Keep it short.
That sound advice applies not only to speeches at wedding dinners but also to the duration of your fixed-income investments in 2009.
Interest-rate yields are likely to remain stuck at current low levels for a while, with nothing on the horizon to drive them lower. Once the economy starts to recover, however, inflation can be expected to revive and bring with it higher interest rates.
That's why you shouldn't lock in today's rates for too long.
Most people feeland we agreethat at the back end of this recession there will be pressure on interest rates to move higher," says William Hornbarger, fixed income strategist for Wachovia Securities, in St. Louis. "People investing now who stay ultra-conservative and short-term are going to earn about 3 percent, while earning more than that opens them to a lot of risks of duration and credit."
With recession, banking problems, and uncertain stimulus results hovering, investors should stay conservative and cautious, Hornbarger says.
High-quality credit is especially important.
"In either municipal or corporate bonds you don't want the average bond maturity to be more than five to eight years," says Ray Ferrara, a certified financial planner and president and chief executive of ProVise Management Group LLC, in Clearwater, Fla. "You should also 'ladder' your bond portfolio."
A ladder is a portfolio of different bonds maturing at various intervals. This insulates you from rate fluctuations and lets you take advantage of positive rate moves whenever possible by moving to those higher rates when the shortest-term investments come due.
For example, you can build a ladder of bonds that mature in two, four, six, eight, 10, and 12 years to come up with a seven-year bond average, Ferrara says.
"We believe the Bush and Obama packages plus Federal Reserve liquidity run a very good possibility of creating inflation somewhere down the road," adds Ferrara. "If I were an adviser to President Obama, I would tell him his greatest economic concern is not solving problems of today, but controlling inflation tomorrow and the rising interest rates that rise from that."
The "keep it short" admonishment also relates to bank investments because you aren't being rewarded for longer-term commitments. Yet, while yields on bank money-market accounts and certificates of deposit are extremely low, so is inflation.

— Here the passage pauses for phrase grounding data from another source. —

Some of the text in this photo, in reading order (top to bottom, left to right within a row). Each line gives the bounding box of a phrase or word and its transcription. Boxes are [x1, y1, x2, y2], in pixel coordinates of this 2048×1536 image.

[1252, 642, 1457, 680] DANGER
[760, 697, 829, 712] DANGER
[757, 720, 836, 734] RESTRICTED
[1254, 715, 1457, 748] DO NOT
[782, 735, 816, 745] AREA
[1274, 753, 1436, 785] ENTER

"We are unlikely to see significant improvement in CD and money-market rates until there is an economic turnaround with increased prospects," says Greg McBride, senior financial analyst with Bankrate.com, in North Palm Beach, Fla.
"It makes no sense to invest now in long-term rates that could be wiped out later by higher inflation," McBride says.

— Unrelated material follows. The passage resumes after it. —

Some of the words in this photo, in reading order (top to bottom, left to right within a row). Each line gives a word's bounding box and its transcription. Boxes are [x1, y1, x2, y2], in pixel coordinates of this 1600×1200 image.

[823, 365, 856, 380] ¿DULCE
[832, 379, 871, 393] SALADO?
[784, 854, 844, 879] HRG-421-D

Money-market accounts were yielding about a half-percent recently, and nonbank money-market funds less than that. Meanwhile, six-month certificates of deposit have averaged just over 1 percent, one-year CDs under 1.5 percent, and five-year CDs around 2.25 percent.

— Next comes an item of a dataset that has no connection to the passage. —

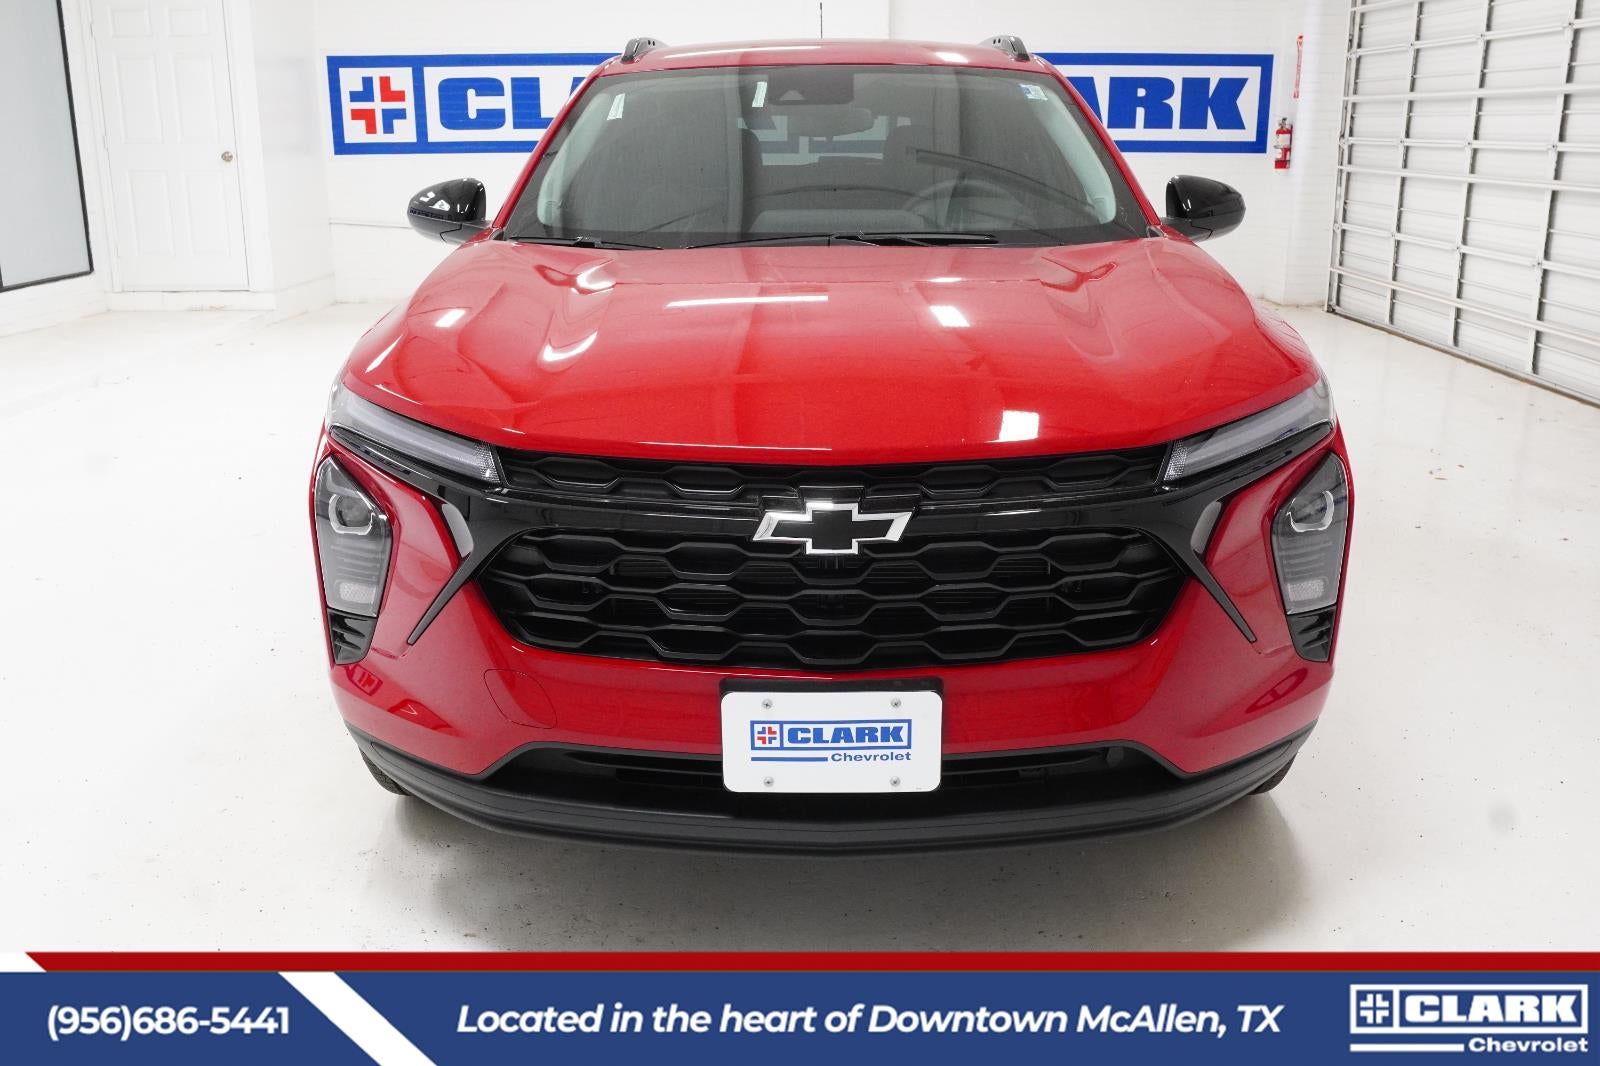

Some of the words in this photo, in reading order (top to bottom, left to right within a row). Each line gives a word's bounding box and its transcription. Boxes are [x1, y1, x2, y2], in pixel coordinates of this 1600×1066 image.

[437, 76, 584, 131] CL
[787, 726, 904, 744] CLARK
[831, 751, 911, 762] Chevrolet

"With 2.9 million people in this country unemployed more than six months, that indicates that you can't have too much in liquid, emergency savings," McBride says.
Bond mutual funds and, more recently, exchange-traded bond funds are popular fixed-income choices providing diversity.
"Regardless of the economic picture, you're going to want a bond fund manager with long experience who has gone through a few credit cycles," says Lawrence Jones, associate director of fund analysis for Morningstar Inc., in Chicago. "You need someone with that perspective, not someone who has only managed during a bull market."
Lacking insightful leadership, numerous bond funds have tanked during the downturn.
One of today's best-known bond fund managers is Bill Gross, of Pimco Total Return Fund, a $138 billion portfolio invested in AAA- and AA-rated bonds with an average maturity of six years.
As manager since 1987, Gross has displayed the savvy to roll with economic punches.
Pimco Total Return Fund "A" (PTTAX) has one-year total return of around 1.50 percent, three-year annualized return of 5 percent, five-year annualized return of 4 percent, and 10-year annualized return of 6 percent. All rank in the top one-fourth of intermediate-term bond funds.
"From 2005 on, Gross and his Pimco team were increasingly negative about prospects of the housing market," Jones says. "So they avoided the subprime areas of the bond market."
That focus on quality securities led to their putting a significant amount of the portfolio into mortgage-backed securities guaranteed by Fannie Mae and Freddie Mac. Though that mortgage sector continues to experience stress, it held up better than most other segments.
The fund more recently ventured into the low-priced debt of investment-grade financial firms such as JPMorgan Chase, Goldman Sachs, and Bank of America because the government now has a stake in protecting them.
"Mutual funds and exchange-traded funds are the way to go in bond investing because it is difficult for an average investor to accurately gauge risks of an individual bond," Jones says. "If you have a large sum to invest, an ETF is a good way to invest, but if you try to 'dollar-cost-average' (invest a set sum regularly) you'll get killed with brokerage commissions for each ETF trade."
Among bond ETFs is the $8.6 billion iShares iBoxx $ Investment Grade Corporate Bond Fund (LQD). However, hurt by heavy exposure to bonds of financial companies, it is down 5.5 percent the past year with a five-year annualized return of 1 percent.